The fact is, this problem is really, really hard. But people do it. It can be done. But here are some things to think about while you are happily pursuing your monolith first strategy:

  • Start thinking about microservices earlier than you think you need to. A better strategy than “monolith first” might be “microservices as soon as possbile.” As soon as you can start identifying some natural services boundaries then you should probably start investing in breaking a service out of your monolith. The longer you wait the harder it’s gonna be.
  • Break out a service that requires persistent state. One of the ways to “cheat” your microservice architecture is to start building new features as stateless services. This gives you logically separate services and multiple code bases, but avoids the really hard data synchronization problems that arise when you are running multiple stateful services. So don’t do that. Make sure that you start building new services that keep their own internal persistent state. This will force you to deal with your data synchronization and eventual consistency problems. You need to exercise that muscle and learn how to do it well if you want your eventual architecture to succeed.
  • Start refactoring your monolith now. If you’re monolith is a ball of spagetti, start up a serious project to start refactoring it into separate modules with service boundaries. You will need some application architecture help to enforce the boundaries (Rails and most other frameworks are not gonna do it). Start investing in that now. The sooner you start thinking about “independent services” within your code base the faster you will get to a place where service extraction isn’t a herculean task.

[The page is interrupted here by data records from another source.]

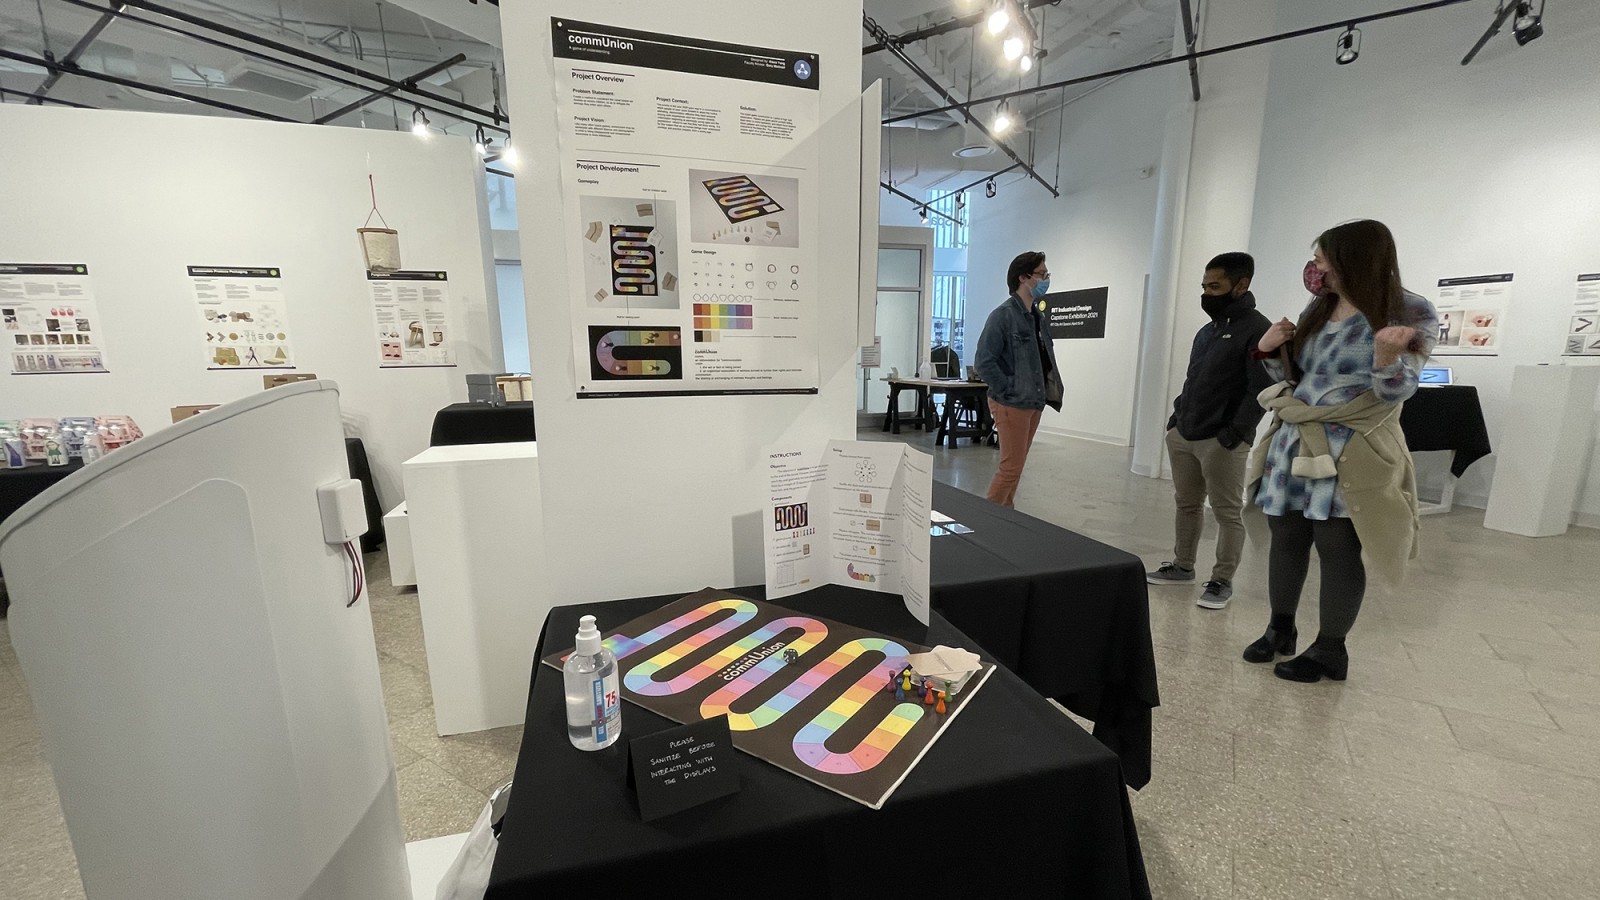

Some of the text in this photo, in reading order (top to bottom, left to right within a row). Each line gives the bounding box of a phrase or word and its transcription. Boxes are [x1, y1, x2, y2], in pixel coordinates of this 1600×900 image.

[568, 35, 634, 51] commUnion
[571, 72, 624, 83] Project Overview
[576, 163, 639, 173] Project Development
[769, 451, 802, 459] INSTRUCTIONS
[723, 641, 786, 681] commUnion
[605, 691, 616, 708] 75
[669, 736, 695, 749] PLEASE
[650, 741, 716, 766] SANITIZE BEFORE
[650, 755, 714, 779] INTERACTING WITH
[683, 765, 717, 780] DISPLAYS
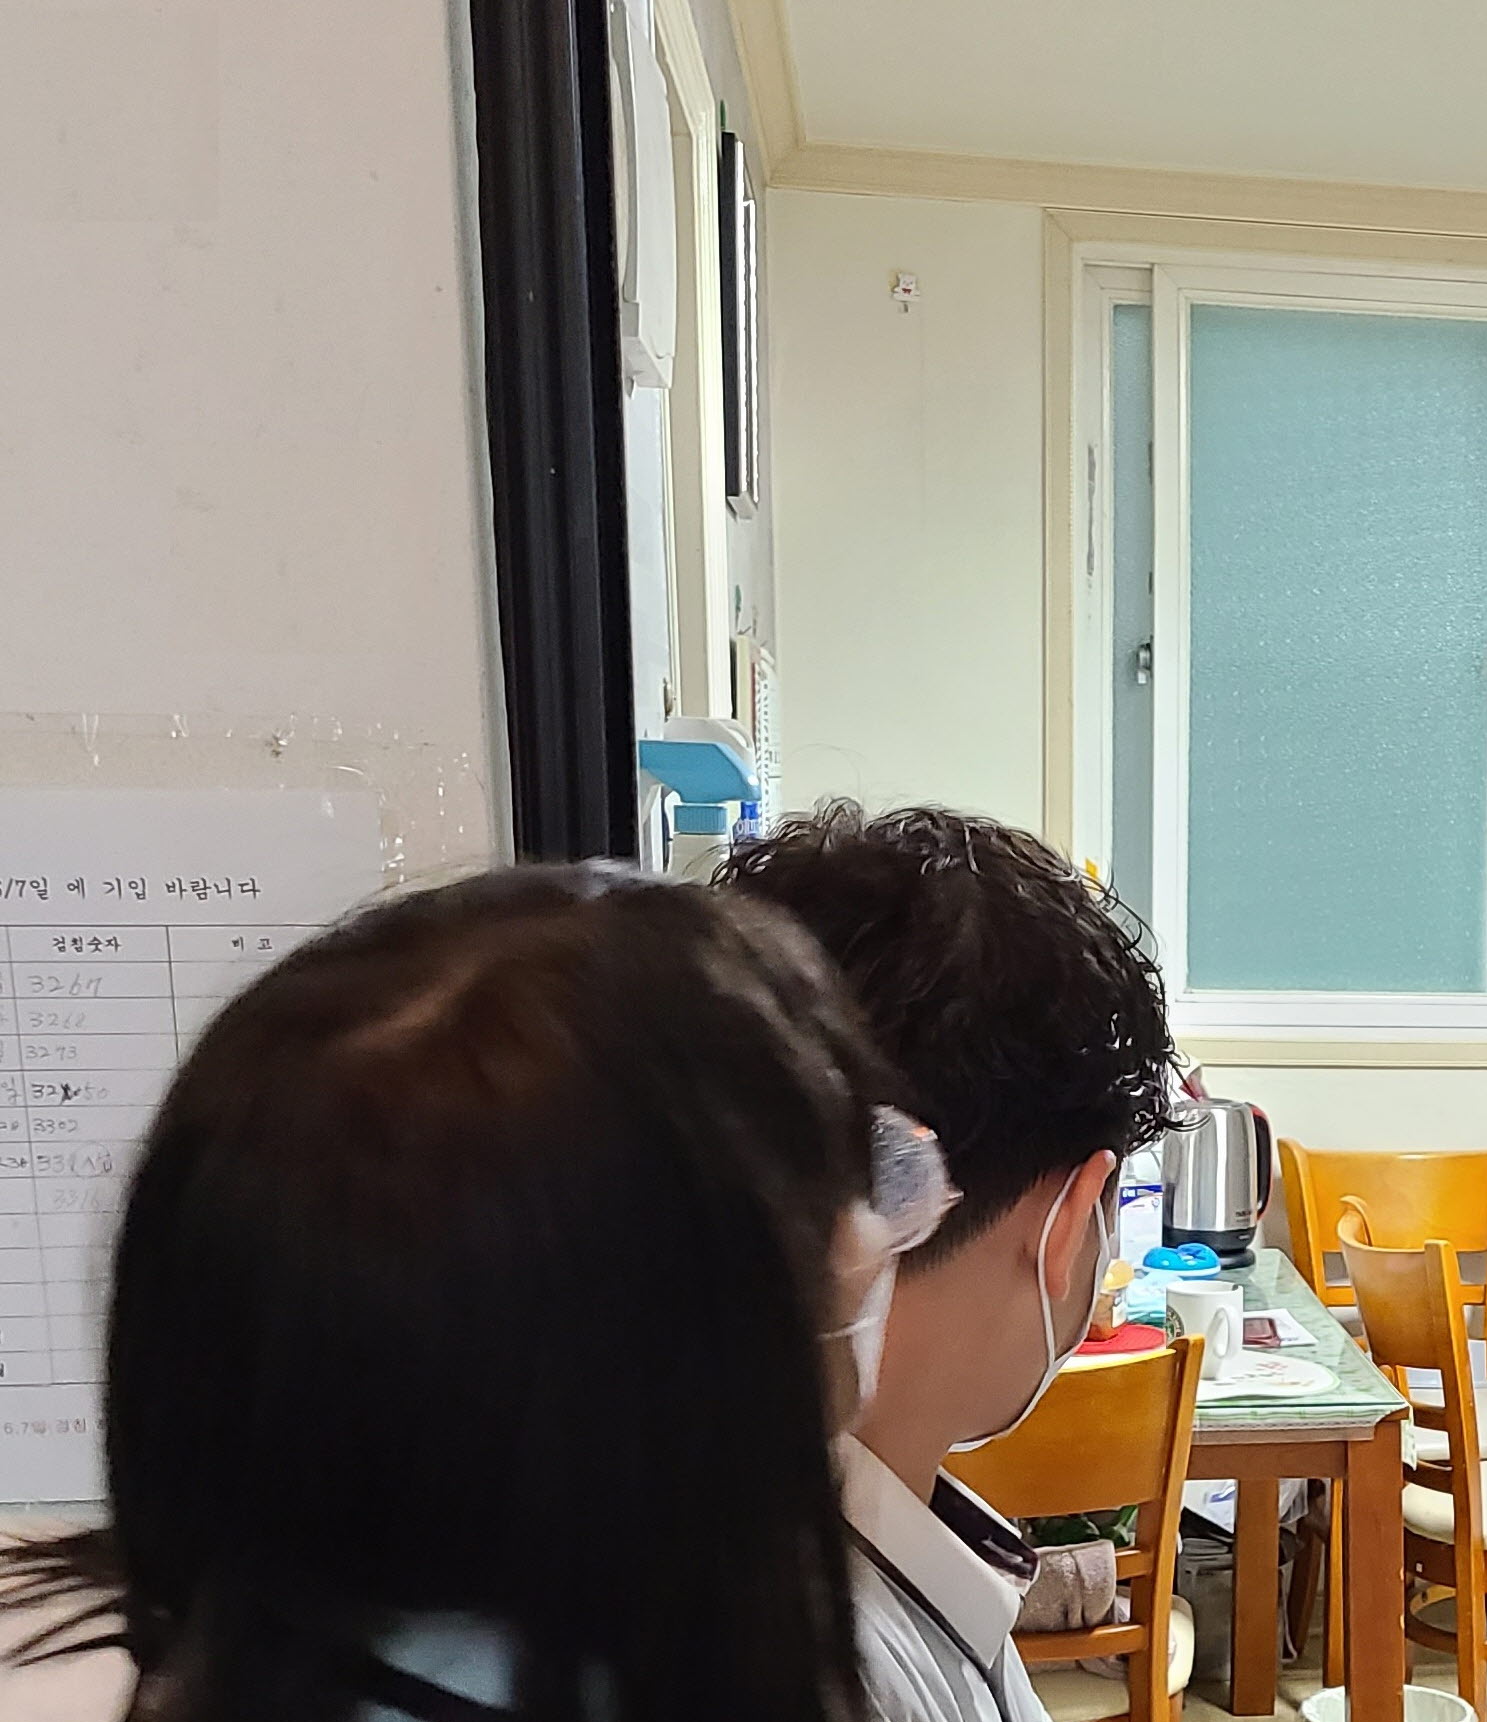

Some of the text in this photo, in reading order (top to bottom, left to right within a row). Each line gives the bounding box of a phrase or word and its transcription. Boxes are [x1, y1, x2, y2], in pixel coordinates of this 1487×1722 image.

[0, 876, 262, 900] /7일 에 기입 바람니다
[52, 935, 122, 952] 검침숫자
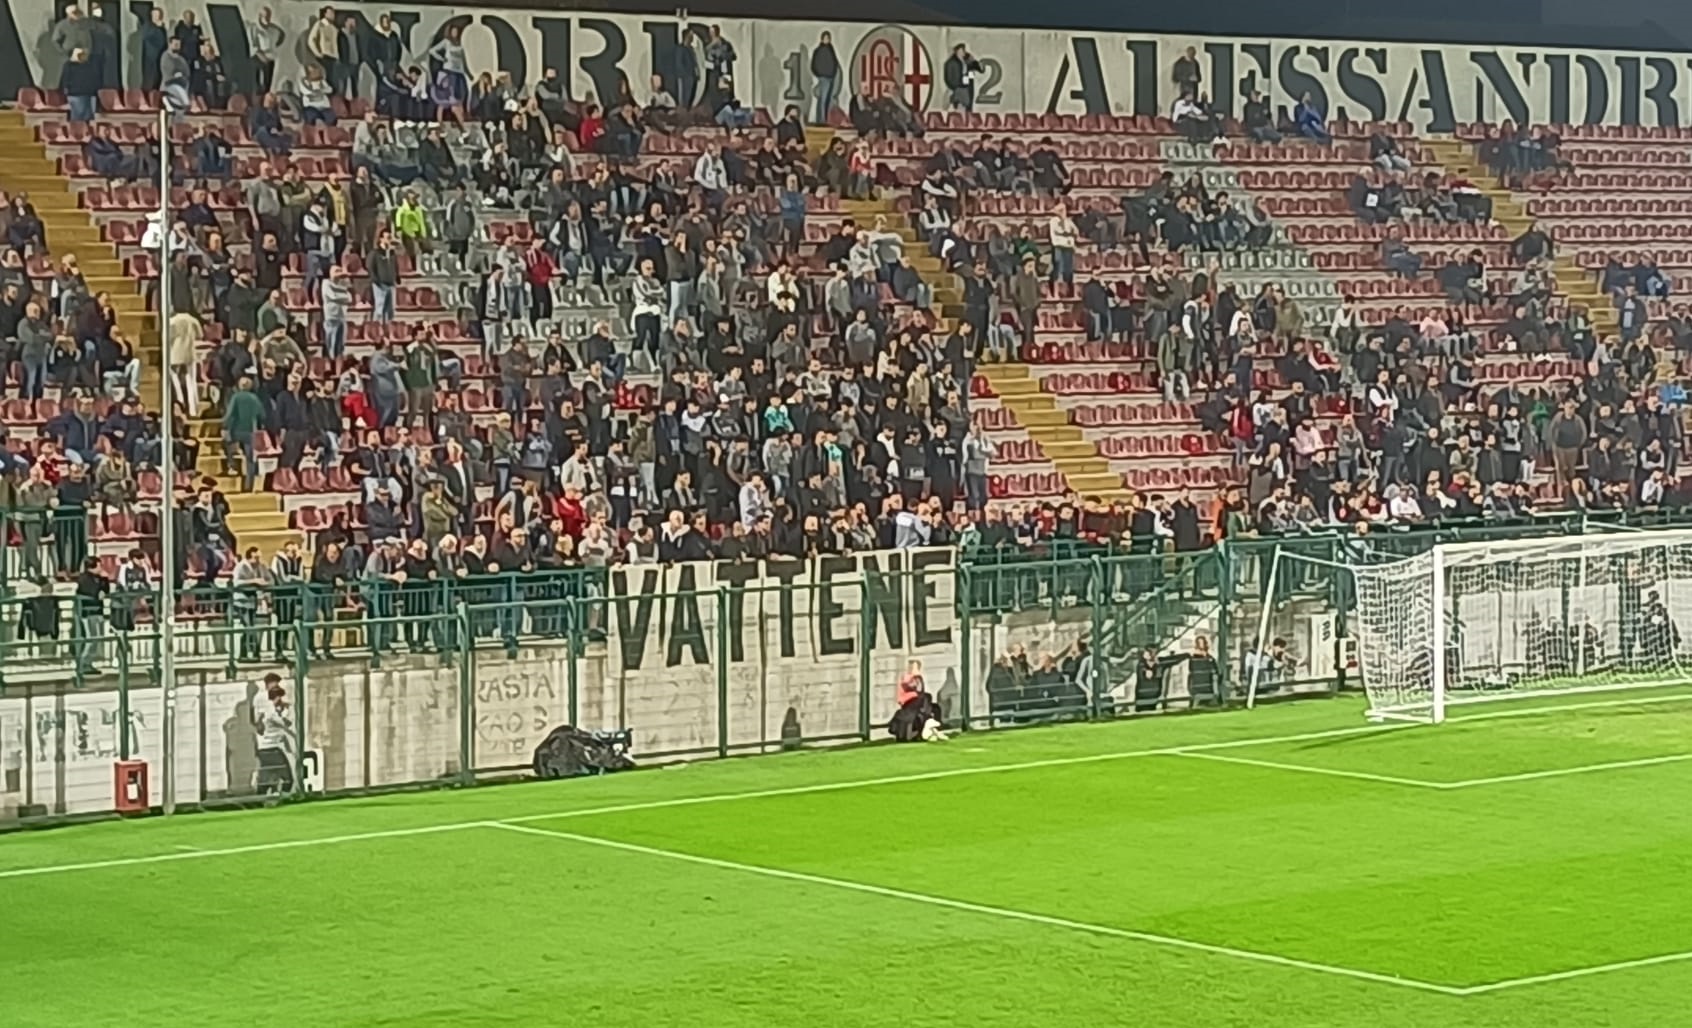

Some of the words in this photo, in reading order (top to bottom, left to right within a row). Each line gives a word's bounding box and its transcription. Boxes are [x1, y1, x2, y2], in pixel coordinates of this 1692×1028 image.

[318, 9, 735, 112] NORD
[1046, 37, 1692, 132] ALESSANDR
[612, 549, 953, 671] VATTENE
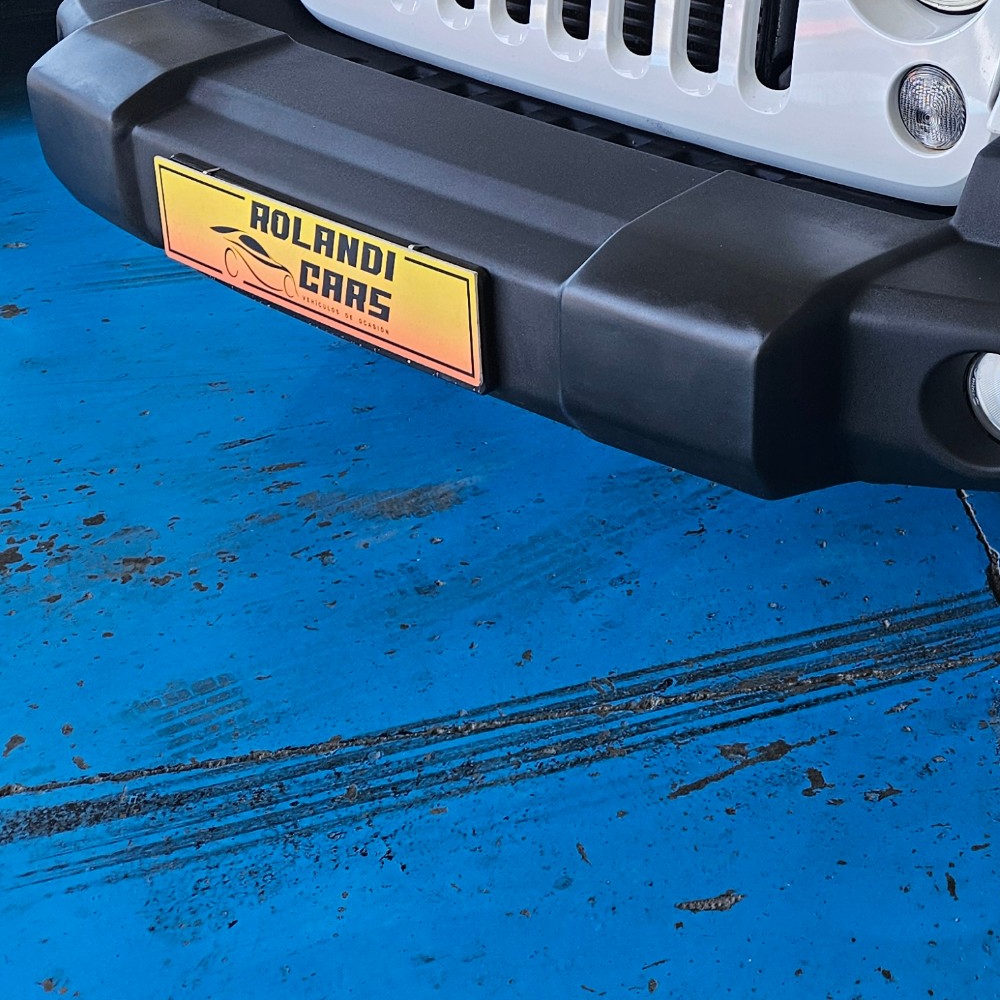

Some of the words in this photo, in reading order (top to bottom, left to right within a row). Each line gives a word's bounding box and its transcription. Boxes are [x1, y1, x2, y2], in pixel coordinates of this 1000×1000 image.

[250, 200, 396, 282] ROLANDI
[299, 259, 392, 322] CARS
[345, 312, 353, 321] DE
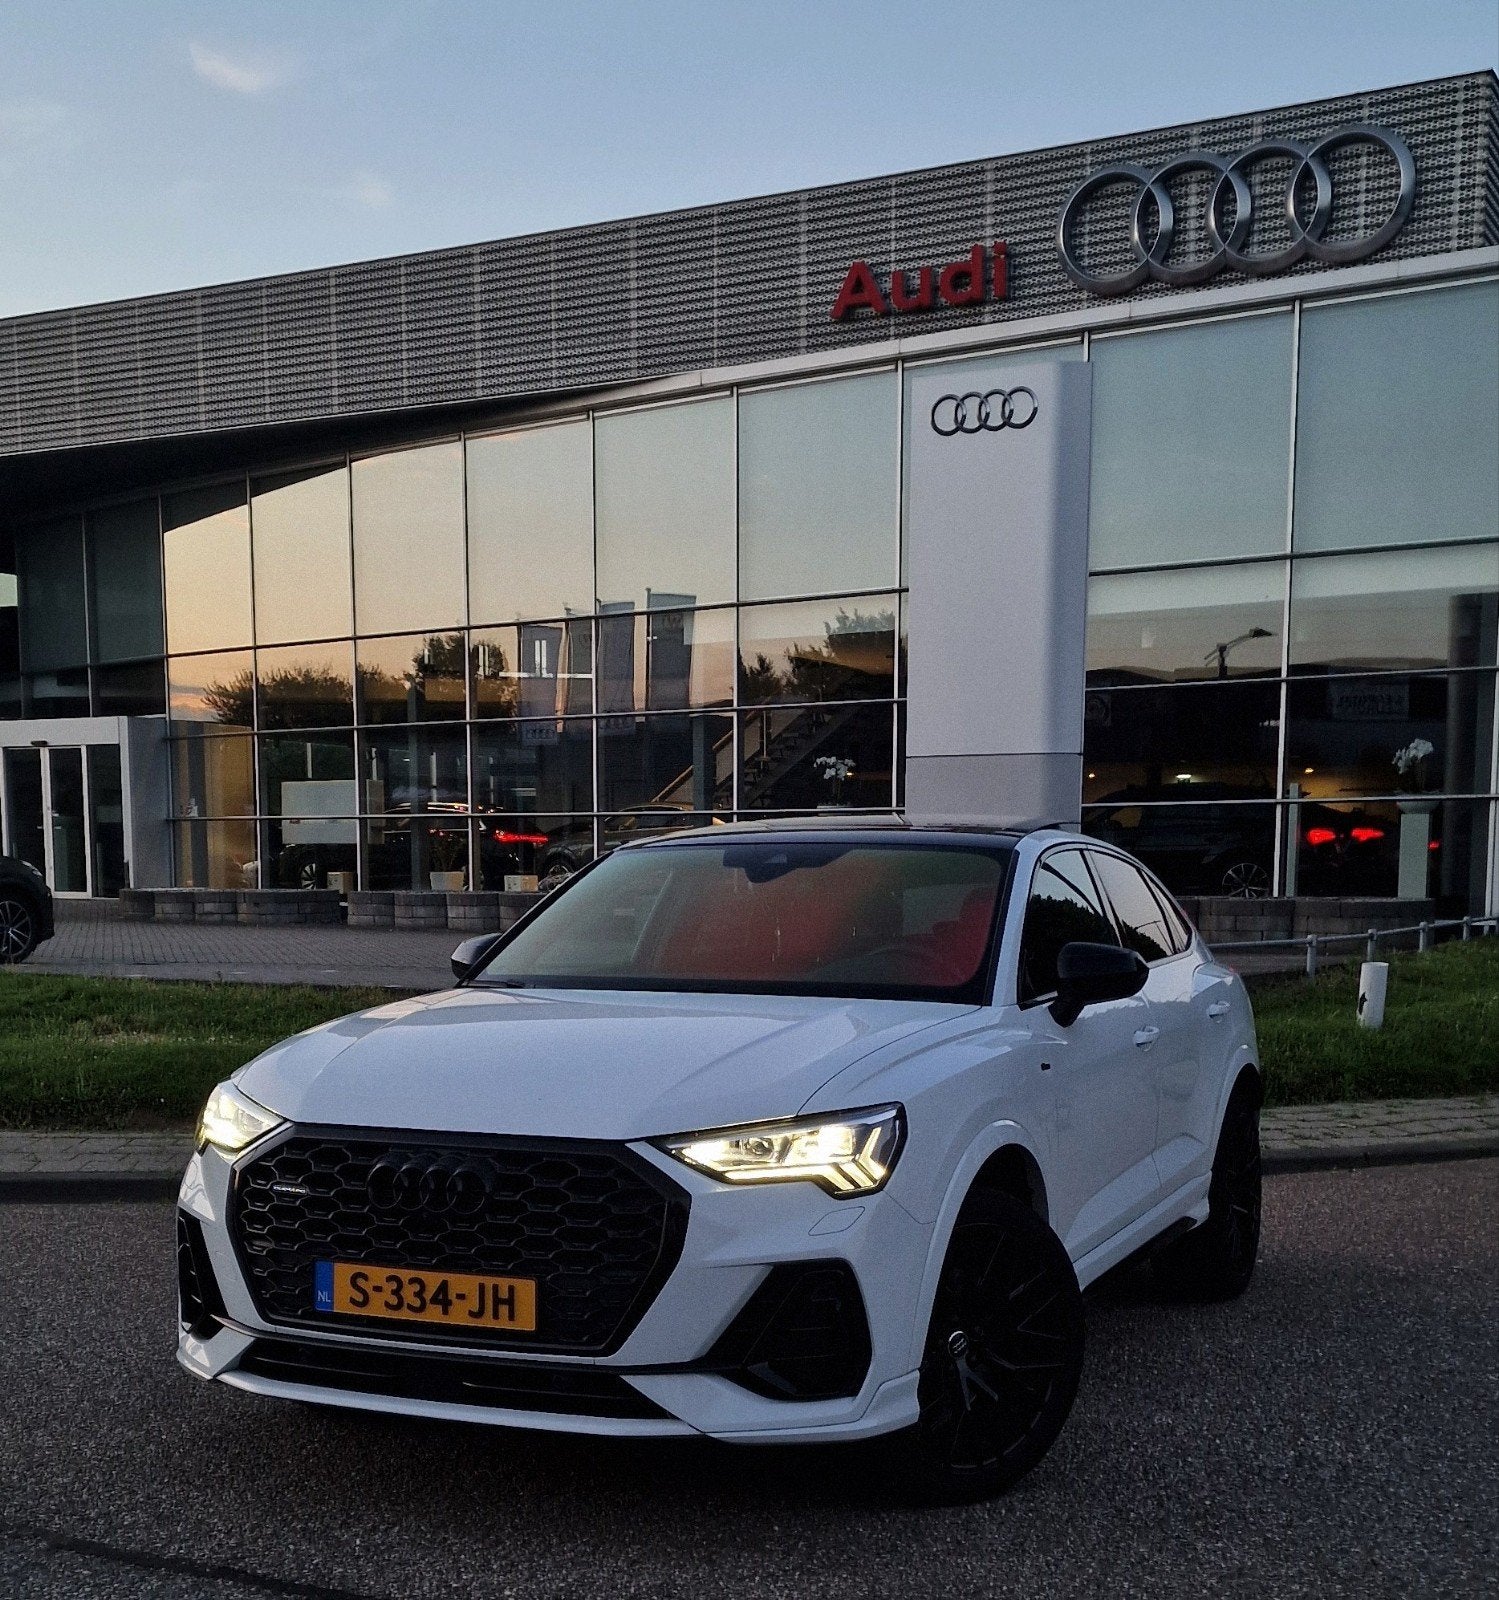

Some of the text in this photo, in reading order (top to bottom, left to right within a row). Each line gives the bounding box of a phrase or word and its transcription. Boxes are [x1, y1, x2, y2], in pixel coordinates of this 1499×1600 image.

  • Recognize the anti-patterns in your tooling around the monolith. As the eng org grows around a monolith you will increasing find the need to create tooling to manage the massive parallel engineering going on in that one code base. Shared dev and testing environments and deployment pipelines become the bottlenecks in monolith development. Fights break out over coding standards and the “best” tools to use. Recognize this pain for what it is: a sign that you’re leeching engineering capacity into managing the monolith. The sooner you recognize this drain the sooner you can justify spending some of that time re-architecting to empower microservice development instead.

And finally, good luck. You’re gonna need it.